We will be able to start eating come May. I actually harvest all the way to December. The funny thing is, I just went up to my roof, and through this bitter winter, a container of spinach has survived! This is after the wind tore off the plastic protection, and it’s been covered with snow.
TRISH:
The thing is, we also wanted to start a garden here, but since funding is really tight, we wanted to do it in a way that it wasn’t going to cost the school anything. Frieda, being very resourceful as she is, found these pallets where we can reuse the wood. Since we’re planting in plastic tubs, the wood is not touching the earth. It’s just to have a nice decorative outside for presentation. So…
FRIEDA:
We found shipping pallets in the neighborhood for people to donate. Everybody’s like, ‘Oh, please, take our shipping pallets!’ They’re heavy and businesses get rid of them. So we painstakingly took them apart and removed all the nails. It’s a time-consuming situation, but definitely worthwhile. The project would have been way over a thousand dollars for lumber. That was well worth our community pulling together to achieve that.
It’s about our PS 39 community adapting these ways of gardening and taking them home. Anybody with a slice of appropriate sunlight can grow anything. Even in a window box, you can grow wonderful lettuces and radishes and different herbs, in the smallest space.
TRISH:
We’re definitely incorporating it into the science curriculum. Frieda and I will both be doing the next enrichment cycle of science. We’re probably in for the long haul here because we just started with our kids in the school. So we have a good seven years going on here. The kids here are also going to be learning science and biology because they’re learning how plants take up water. They’re learning about evaporation, and efficiency at different levels.
FRIEDA:
And what a fresh vegetable really taste like. Even adults may never have experienced that.
TRISH:
You put a seed in the ground and you watch this thing grow and evolve. It never stops being magic, ever.
FRIEDA:
All of these other countries are doing this out of necessity, but we need to make it a necessity for our children, as basic knowledge, basic education. It’s essential for them to know.
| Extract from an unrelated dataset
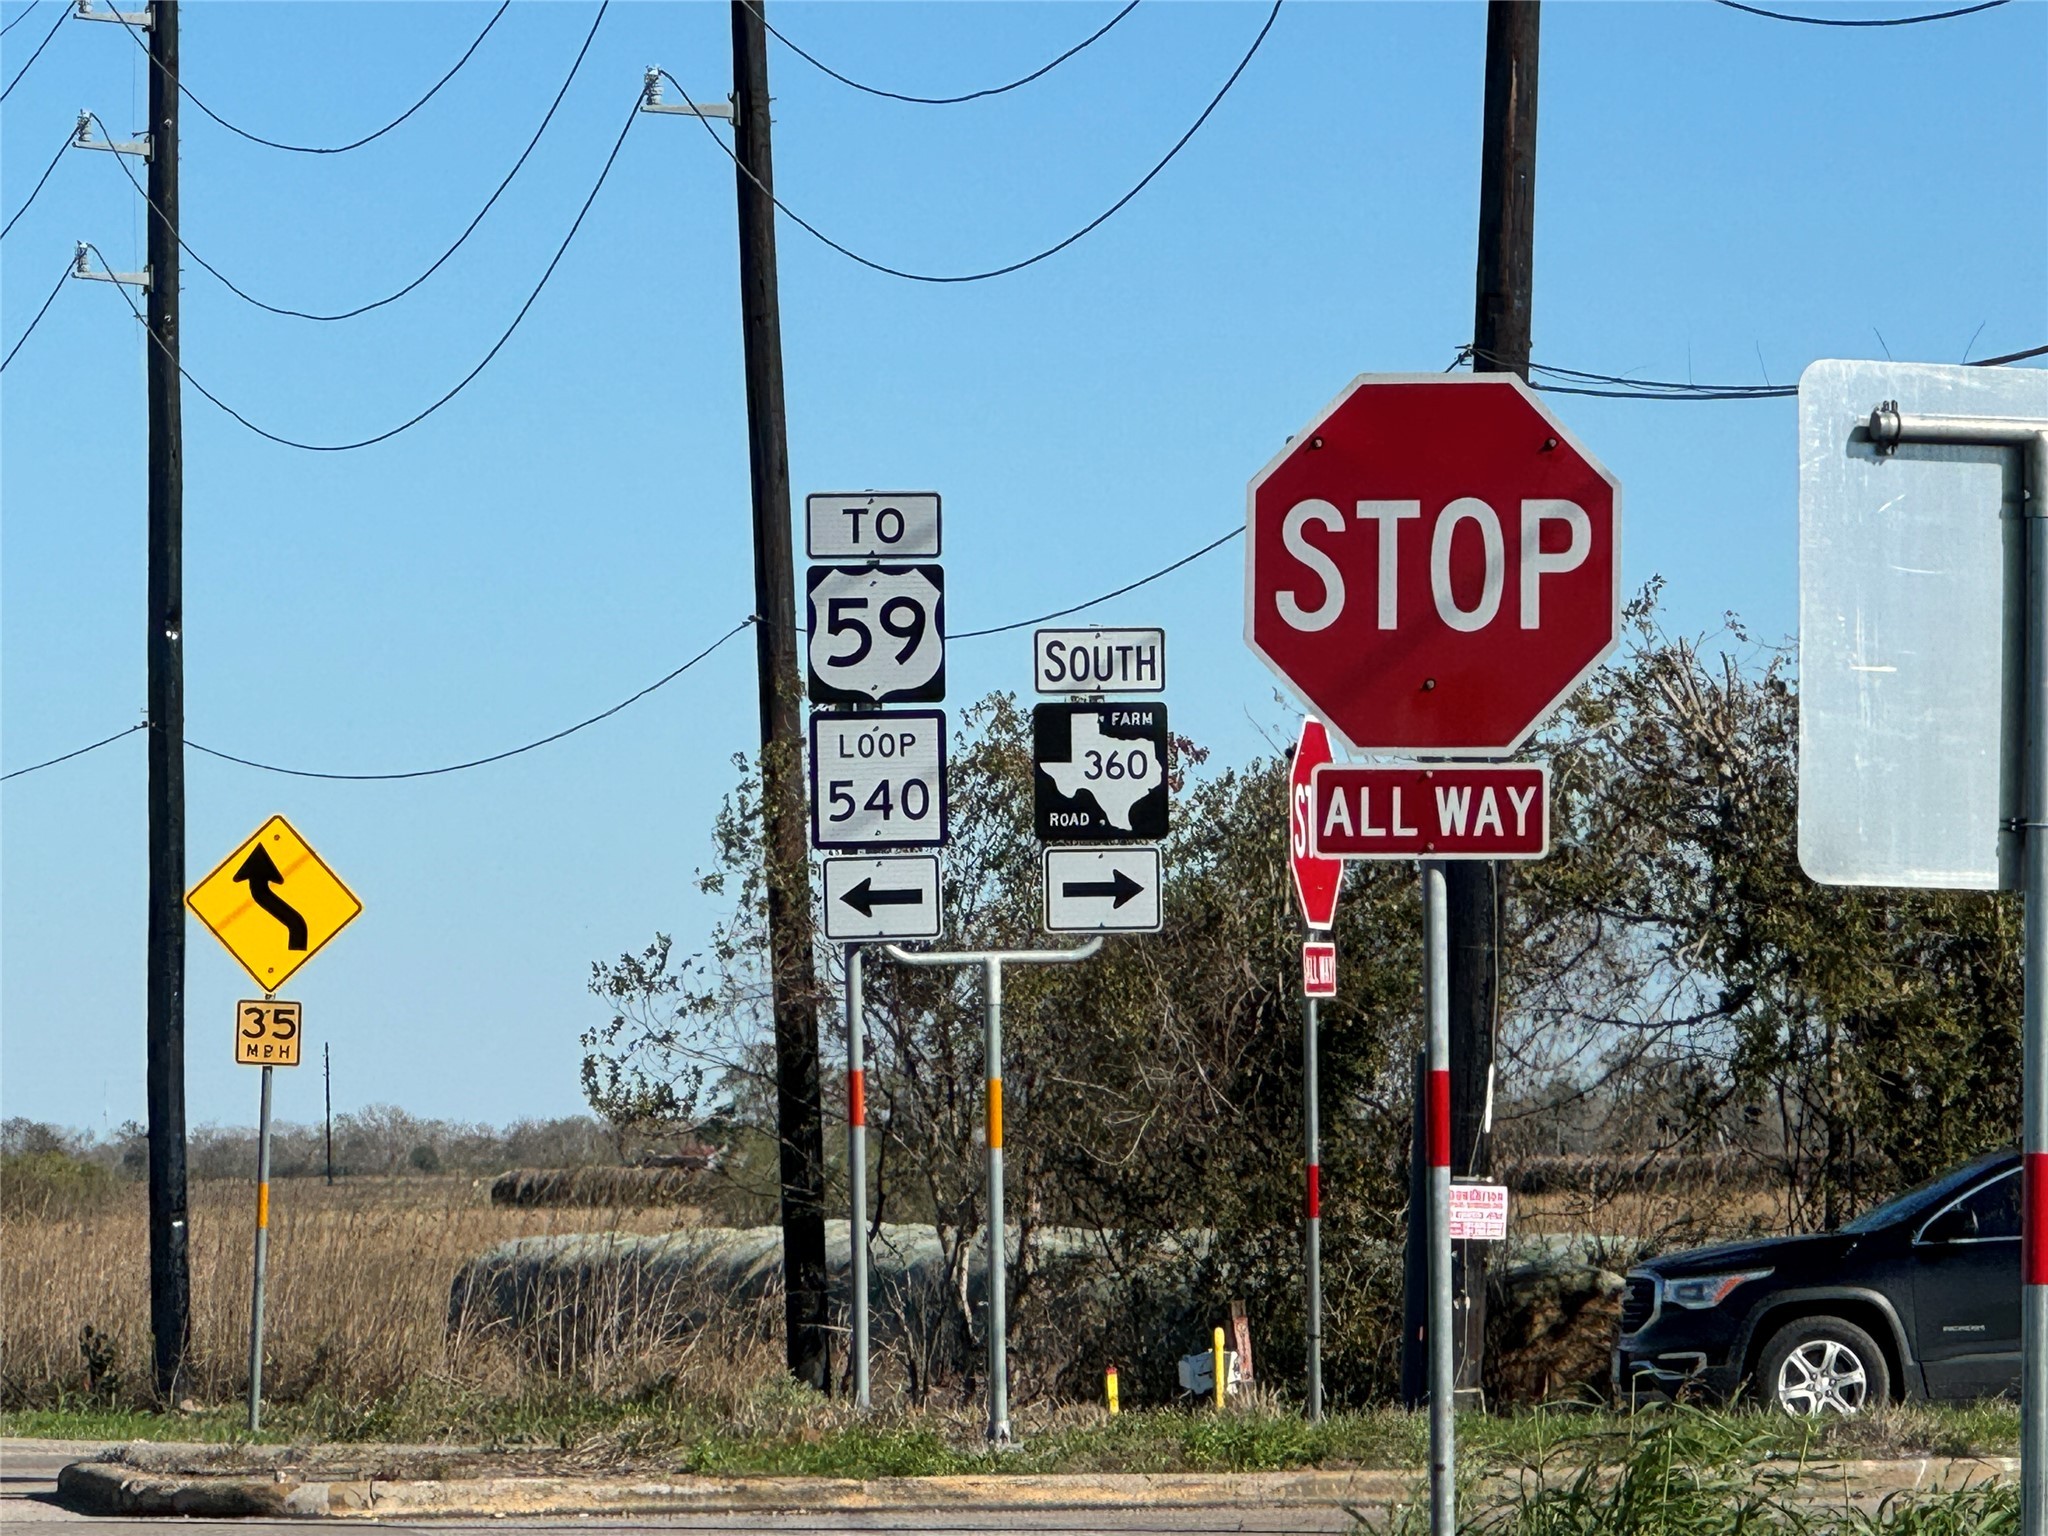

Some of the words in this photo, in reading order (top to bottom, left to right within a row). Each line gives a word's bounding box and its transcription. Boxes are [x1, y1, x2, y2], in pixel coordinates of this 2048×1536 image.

There is a shared sensibility. There is a high aesthetic to compliment our landmark status. We didn’t want to put just – clunk – a big garden that didn’t enhance the beauty of the school, enhance the experience of the kids.
TRISH:
We’re incorporating all of these ideas with an aesthetic of beauty. Beauty is also part of what we need in our lives.
We’ll be growing useful things. We love lots of flowers and we will definitely have a lot of flowers, but we want to also grow useful plants, like herbs, to start making salves and teas. It’s an infinite seed, like any garden. You plant a seed and it grows and grows.
FRIEDA:
It will show everyone that it can be both, both ornamental and edible. And we will be using the edibles as ornamentals. There are flowers that you can eat.
TRISH:
We want to do things that make sense. We eventually want to change the school lunch program in the school. This could be the first little step. Eventually, sometime this year, we want to have some food coming out of that garden. We won’t be able to feed all the kids right away, but at least the consciousness will change.
FRIEDA:
You’ll have the young greens in like 20 days and spinach in about 30 days.
TRISH:
And for people at home who want to do this, if your sunlight changes, you can take the whole thing and move it to a more advantageous spot, and it’s still growing. In a little 2” x 4” space, it’s amazing how much food you can grow. The kids can learn how they can use this in their daily life.
FRIEDA:
If our elementary school kids can build this garden and maintain it, then so can we. It has to be easy enough to do. If they can do it, we can do it.